Sometimes success can be a bad thing - especially if you haven't really planned for it in advance. That's what the designers of the new "Monopoly City Streets" game discovered yesterday, September 9th, when word of the game's launch circulated rapidly through Twitter, generating such a massive amount of buzz that the game suffered outages all day (and, in fact, is still completely down, as their servers are upgraded to handle the incredible traffic). It's the "Twitter Effect" again - the way that a topic, especially one that's associated with a particular website, begins to trend on Twitter, generating an incredible amount of traffic (and load) on a website.

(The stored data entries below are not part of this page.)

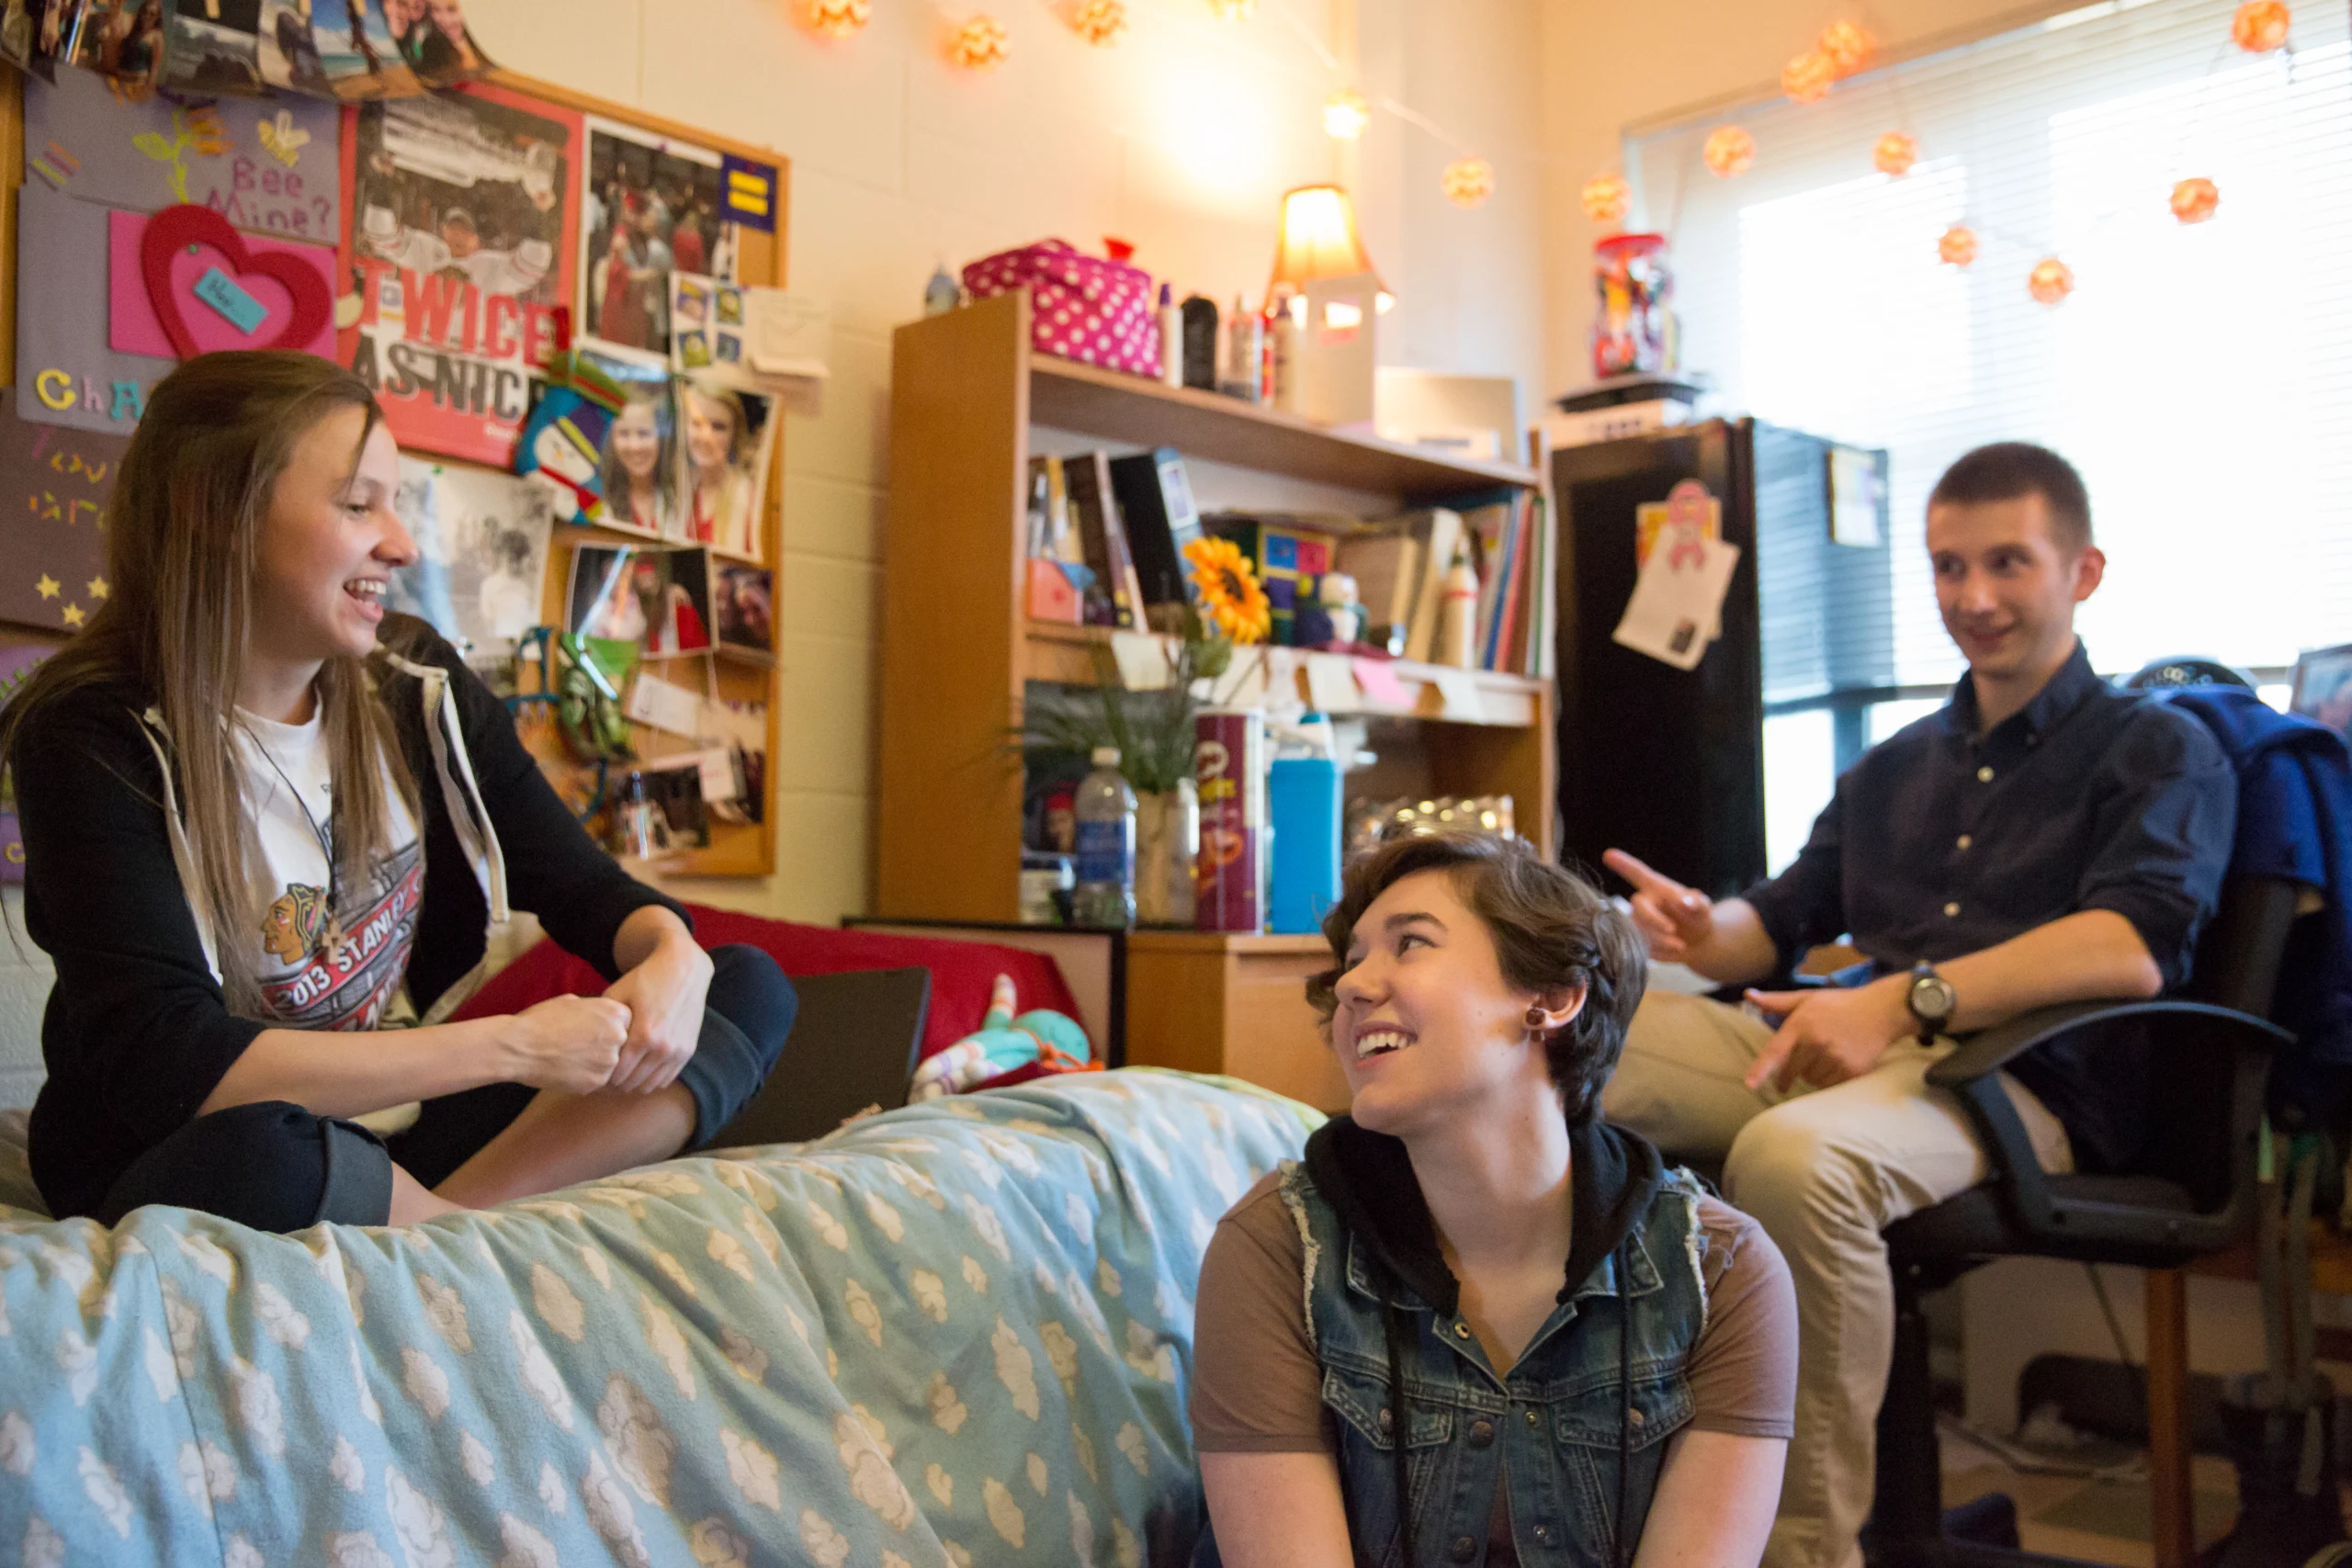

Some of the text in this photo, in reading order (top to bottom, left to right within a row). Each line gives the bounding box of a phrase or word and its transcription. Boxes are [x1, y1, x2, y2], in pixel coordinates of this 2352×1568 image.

[232, 155, 305, 199] Bee
[207, 187, 333, 236] Mine?
[354, 254, 557, 369] TWICE
[37, 368, 154, 420] ChA
[275, 964, 332, 1009] 2013
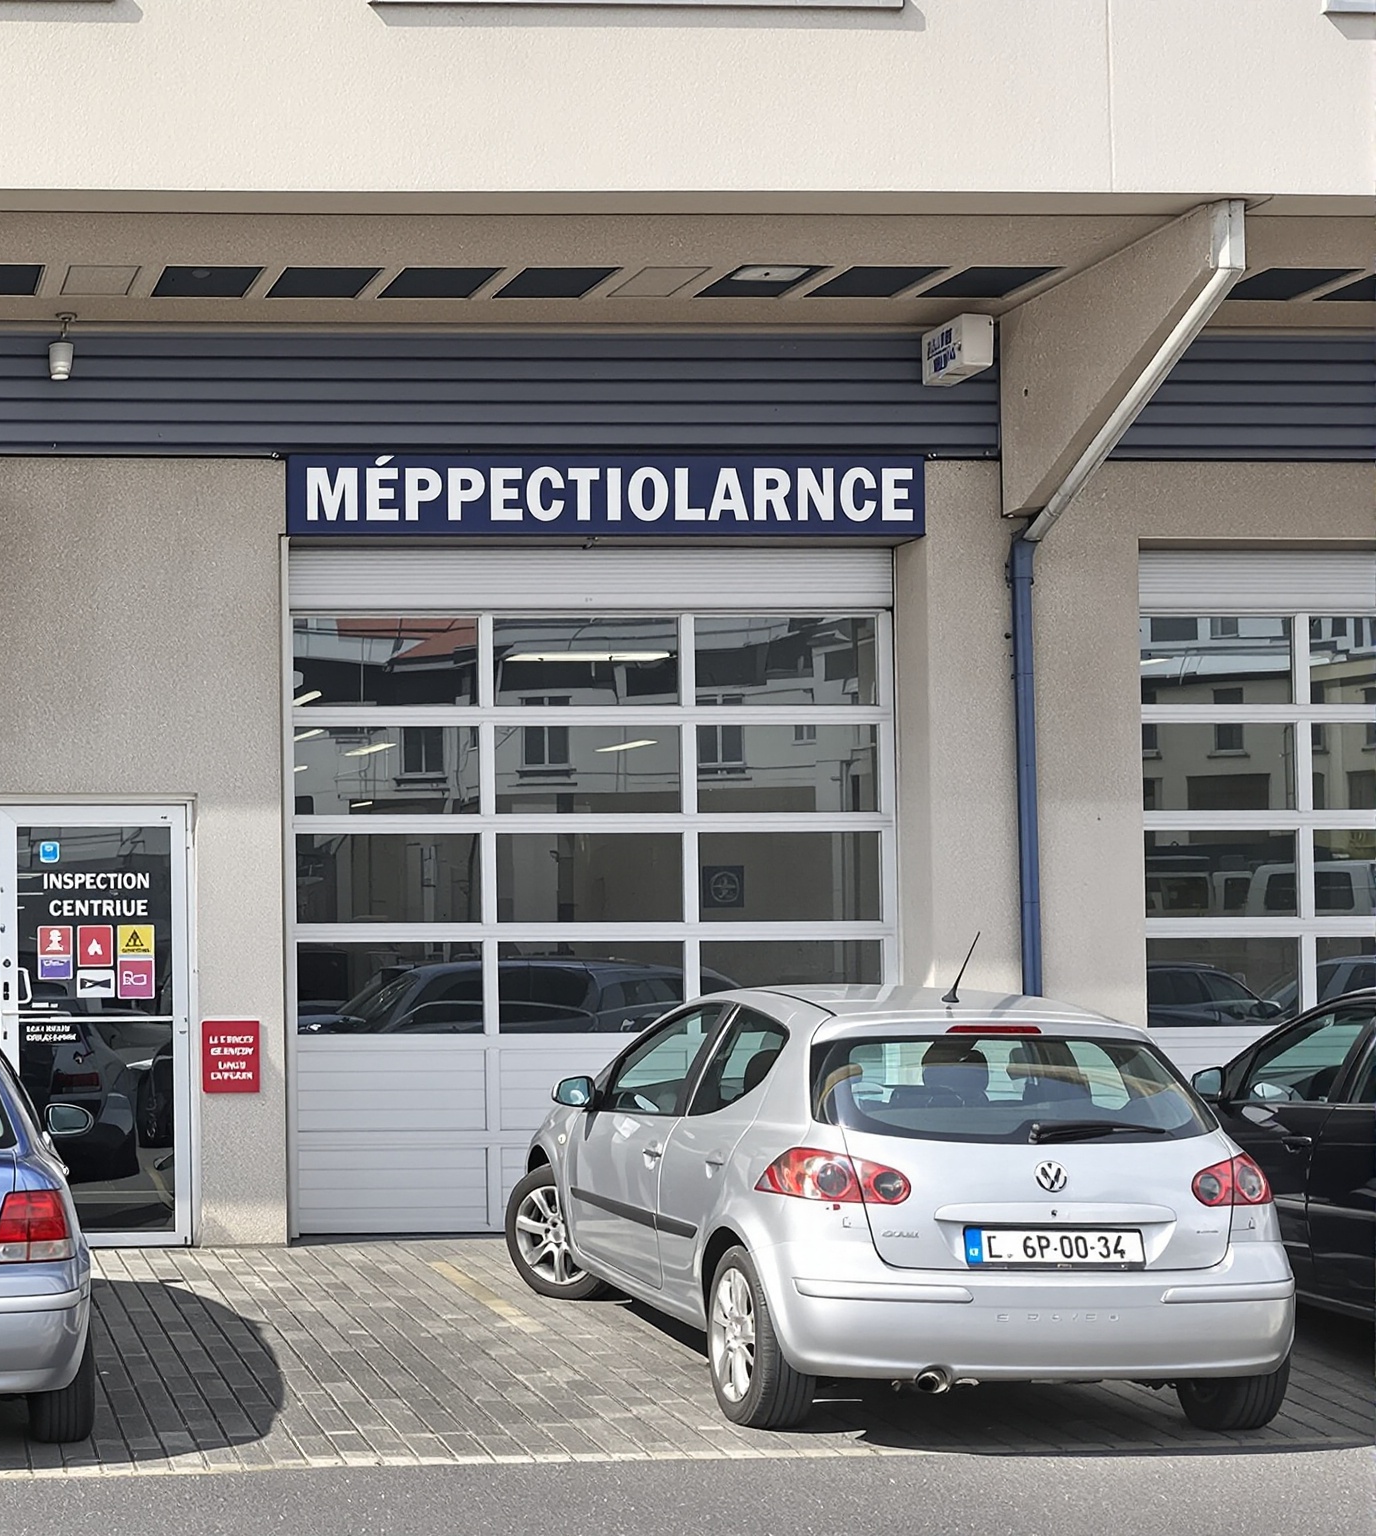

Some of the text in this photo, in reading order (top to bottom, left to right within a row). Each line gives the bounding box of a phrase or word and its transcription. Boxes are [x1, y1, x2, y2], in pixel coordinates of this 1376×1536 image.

[306, 455, 915, 522] MÉPPECTIOLARNCE
[43, 872, 150, 890] INSPECTION
[49, 899, 149, 917] CENTRIUE
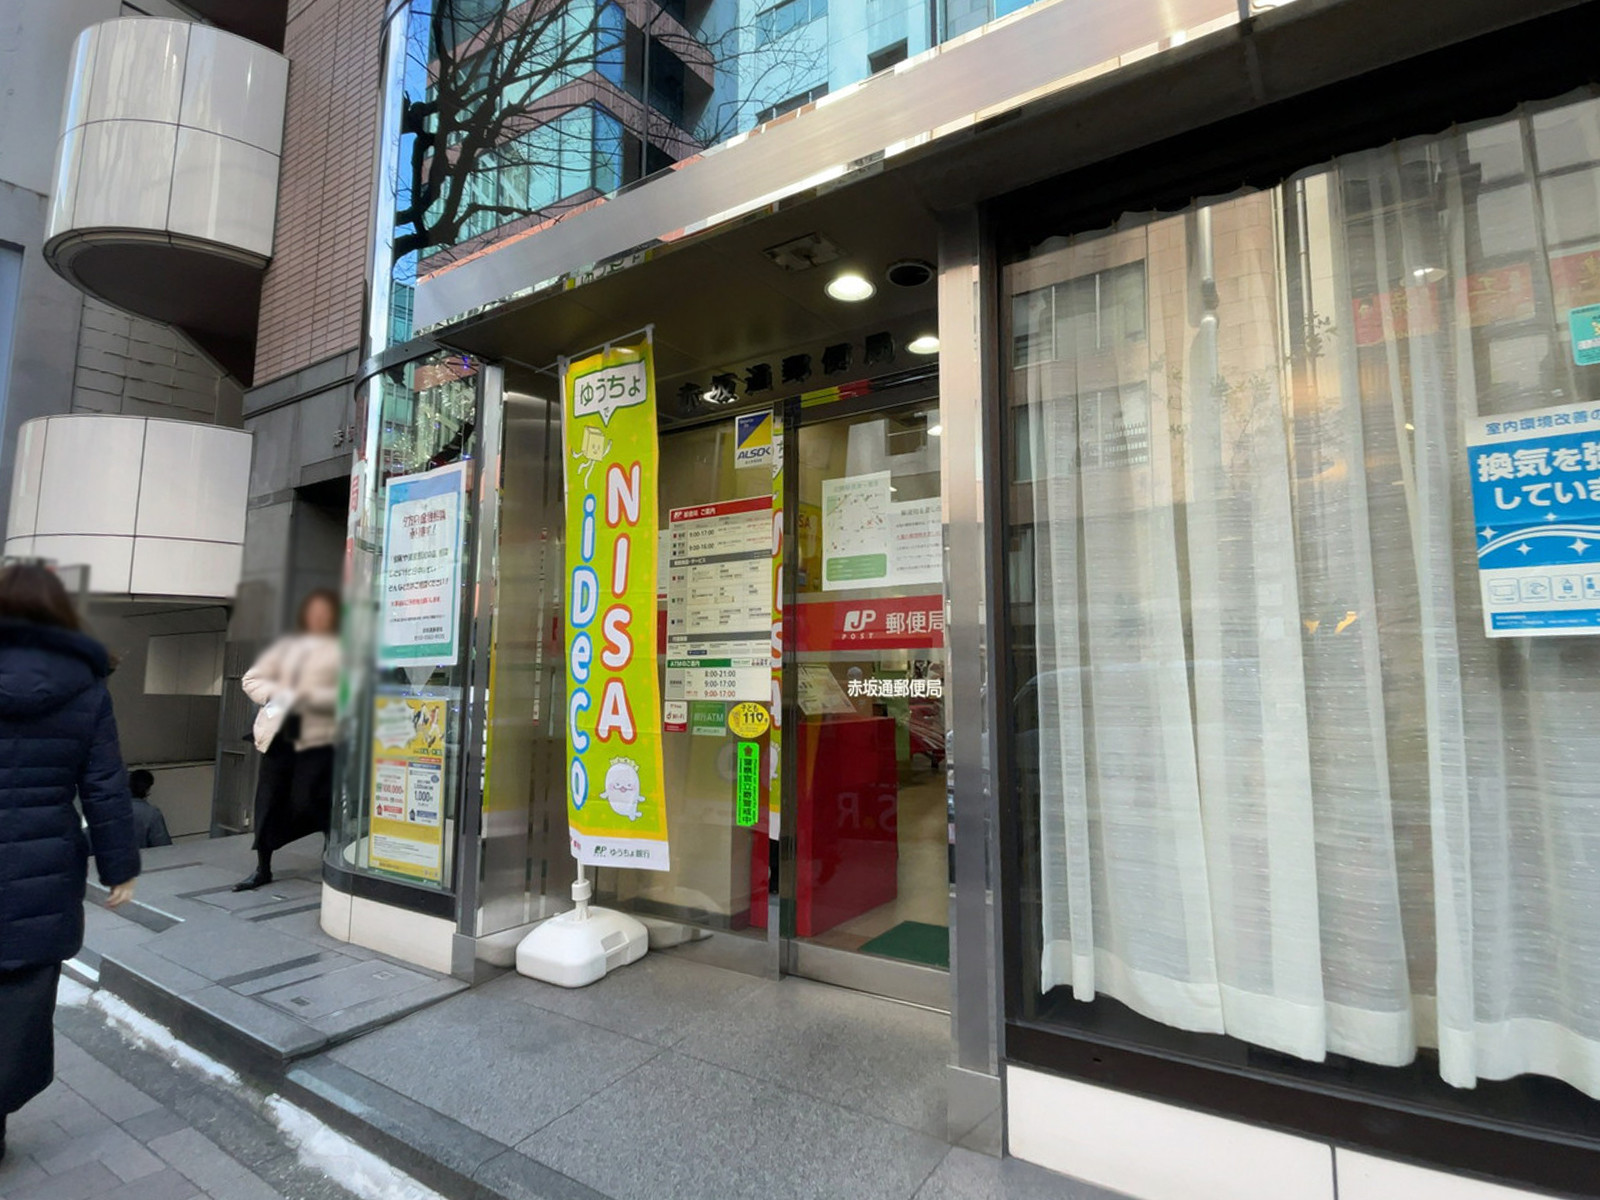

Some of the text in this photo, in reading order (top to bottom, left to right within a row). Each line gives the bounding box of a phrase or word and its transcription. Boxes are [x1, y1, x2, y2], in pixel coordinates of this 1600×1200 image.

Monopoly City Streets is a fascinating new massively multiplayer version of the classic Monopoly game, but played out on real streets and with real properties, using Google Maps as the underlying architecture behind the software. The game launched yesterday, September 9, 2009, and will run until January 31, 2010. Designed by Hasbro's digital agency, Tribal DDB, with assistance from Google itself, the game didn't receive an incredible amount of hype in advance - certainly not enough to overwhelm the servers on the opening day. Instead, it was the real-time buzz that brought the game to its knees, as its developers admitted on the Monopoly City Streets blog:
Digg users will remember the "Digg effect" - the way that articles that were promoted onto the front page of Digg.com, the popular social aggregator service, would often wind up causing the sites hosting them to crash due to the unexpectedly large spike in traffic, coming in all at once. The "Digg effect" was famous for sinking Wordpress blogs, which, without caching enabled, were often unable to handle the burden of generating PHP-driven pages each time they were visited. Although the "Digg effect" has largely been ameliorated thanks to built-in caching for CMS like Wordpress, the "Twitter effect" is an even more powerful force, one that even caching may not be able to mitigate.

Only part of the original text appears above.